PROBLEM TO SOLVE: Please reproduce the following records exactly as they appear.

***** DATASET RECORDS *****

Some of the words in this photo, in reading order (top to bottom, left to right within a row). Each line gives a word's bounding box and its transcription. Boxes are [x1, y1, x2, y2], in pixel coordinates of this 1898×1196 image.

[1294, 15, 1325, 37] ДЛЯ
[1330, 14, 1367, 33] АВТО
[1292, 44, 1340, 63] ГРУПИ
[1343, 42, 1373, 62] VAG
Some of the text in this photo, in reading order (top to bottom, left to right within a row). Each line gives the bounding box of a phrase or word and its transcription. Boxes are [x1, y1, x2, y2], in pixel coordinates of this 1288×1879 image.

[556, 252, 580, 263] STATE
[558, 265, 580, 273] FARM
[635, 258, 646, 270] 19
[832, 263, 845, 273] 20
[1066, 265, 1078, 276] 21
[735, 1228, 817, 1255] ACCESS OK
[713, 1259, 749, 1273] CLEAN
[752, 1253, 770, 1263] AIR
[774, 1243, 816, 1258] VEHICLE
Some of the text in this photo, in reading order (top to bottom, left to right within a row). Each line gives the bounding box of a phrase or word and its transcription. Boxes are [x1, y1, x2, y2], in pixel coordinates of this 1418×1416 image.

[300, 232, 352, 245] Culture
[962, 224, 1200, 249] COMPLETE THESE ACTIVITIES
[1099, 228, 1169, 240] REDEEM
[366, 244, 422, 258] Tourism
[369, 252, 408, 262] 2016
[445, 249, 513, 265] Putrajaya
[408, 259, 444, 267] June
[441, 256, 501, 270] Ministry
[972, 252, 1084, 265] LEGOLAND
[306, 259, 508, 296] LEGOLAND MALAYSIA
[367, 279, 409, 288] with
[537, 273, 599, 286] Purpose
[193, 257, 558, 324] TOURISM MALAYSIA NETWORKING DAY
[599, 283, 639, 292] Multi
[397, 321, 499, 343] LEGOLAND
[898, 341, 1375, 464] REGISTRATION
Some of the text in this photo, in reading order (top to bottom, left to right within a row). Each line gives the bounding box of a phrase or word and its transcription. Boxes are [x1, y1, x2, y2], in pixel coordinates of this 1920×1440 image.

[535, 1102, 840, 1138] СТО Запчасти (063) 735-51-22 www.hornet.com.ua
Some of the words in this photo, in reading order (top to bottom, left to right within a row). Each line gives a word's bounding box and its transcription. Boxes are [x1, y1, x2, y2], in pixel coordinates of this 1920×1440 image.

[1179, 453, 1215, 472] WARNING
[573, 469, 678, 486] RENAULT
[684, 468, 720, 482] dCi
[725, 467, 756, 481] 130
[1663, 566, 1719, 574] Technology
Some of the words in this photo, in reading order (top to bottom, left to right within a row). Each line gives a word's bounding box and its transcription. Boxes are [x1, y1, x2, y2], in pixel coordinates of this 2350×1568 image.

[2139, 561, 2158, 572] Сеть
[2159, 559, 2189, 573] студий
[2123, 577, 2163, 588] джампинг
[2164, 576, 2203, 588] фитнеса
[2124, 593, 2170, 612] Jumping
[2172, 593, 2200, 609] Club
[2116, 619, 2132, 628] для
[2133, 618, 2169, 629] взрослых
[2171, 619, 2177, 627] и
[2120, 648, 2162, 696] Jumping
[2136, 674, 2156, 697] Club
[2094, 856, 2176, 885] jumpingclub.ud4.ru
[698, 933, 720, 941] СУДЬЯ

*****

SOLVED PROBLEM:
Some of the words in this photo, in reading order (top to bottom, left to right within a row). Each line gives a word's bounding box and its transcription. Boxes are [x1, y1, x2, y2], in pixel coordinates of this 1898×1196 image.

[1294, 15, 1325, 37] ДЛЯ
[1330, 14, 1367, 33] АВТО
[1292, 44, 1340, 63] ГРУПИ
[1343, 42, 1373, 62] VAG
Some of the text in this photo, in reading order (top to bottom, left to right within a row). Each line gives the bounding box of a phrase or word and its transcription. Boxes are [x1, y1, x2, y2], in pixel coordinates of this 1288×1879 image.

[556, 252, 580, 263] STATE
[558, 265, 580, 273] FARM
[635, 258, 646, 270] 19
[832, 263, 845, 273] 20
[1066, 265, 1078, 276] 21
[735, 1228, 817, 1255] ACCESS OK
[713, 1259, 749, 1273] CLEAN
[752, 1253, 770, 1263] AIR
[774, 1243, 816, 1258] VEHICLE
Some of the text in this photo, in reading order (top to bottom, left to right within a row). Each line gives the bounding box of a phrase or word and its transcription. Boxes are [x1, y1, x2, y2], in pixel coordinates of this 1418×1416 image.

[300, 232, 352, 245] Culture
[962, 224, 1200, 249] COMPLETE THESE ACTIVITIES
[1099, 228, 1169, 240] REDEEM
[366, 244, 422, 258] Tourism
[369, 252, 408, 262] 2016
[445, 249, 513, 265] Putrajaya
[408, 259, 444, 267] June
[441, 256, 501, 270] Ministry
[972, 252, 1084, 265] LEGOLAND
[306, 259, 508, 296] LEGOLAND MALAYSIA
[367, 279, 409, 288] with
[537, 273, 599, 286] Purpose
[193, 257, 558, 324] TOURISM MALAYSIA NETWORKING DAY
[599, 283, 639, 292] Multi
[397, 321, 499, 343] LEGOLAND
[898, 341, 1375, 464] REGISTRATION
Some of the text in this photo, in reading order (top to bottom, left to right within a row). Each line gives the bounding box of a phrase or word and its transcription. Boxes are [x1, y1, x2, y2], in pixel coordinates of this 1920×1440 image.

[535, 1102, 840, 1138] СТО Запчасти (063) 735-51-22 www.hornet.com.ua
Some of the words in this photo, in reading order (top to bottom, left to right within a row). Each line gives a word's bounding box and its transcription. Boxes are [x1, y1, x2, y2], in pixel coordinates of this 1920×1440 image.

[1179, 453, 1215, 472] WARNING
[573, 469, 678, 486] RENAULT
[684, 468, 720, 482] dCi
[725, 467, 756, 481] 130
[1663, 566, 1719, 574] Technology
Some of the words in this photo, in reading order (top to bottom, left to right within a row). Each line gives a word's bounding box and its transcription. Boxes are [x1, y1, x2, y2], in pixel coordinates of this 2350×1568 image.

[2139, 561, 2158, 572] Сеть
[2159, 559, 2189, 573] студий
[2123, 577, 2163, 588] джампинг
[2164, 576, 2203, 588] фитнеса
[2124, 593, 2170, 612] Jumping
[2172, 593, 2200, 609] Club
[2116, 619, 2132, 628] для
[2133, 618, 2169, 629] взрослых
[2171, 619, 2177, 627] и
[2120, 648, 2162, 696] Jumping
[2136, 674, 2156, 697] Club
[2094, 856, 2176, 885] jumpingclub.ud4.ru
[698, 933, 720, 941] СУДЬЯ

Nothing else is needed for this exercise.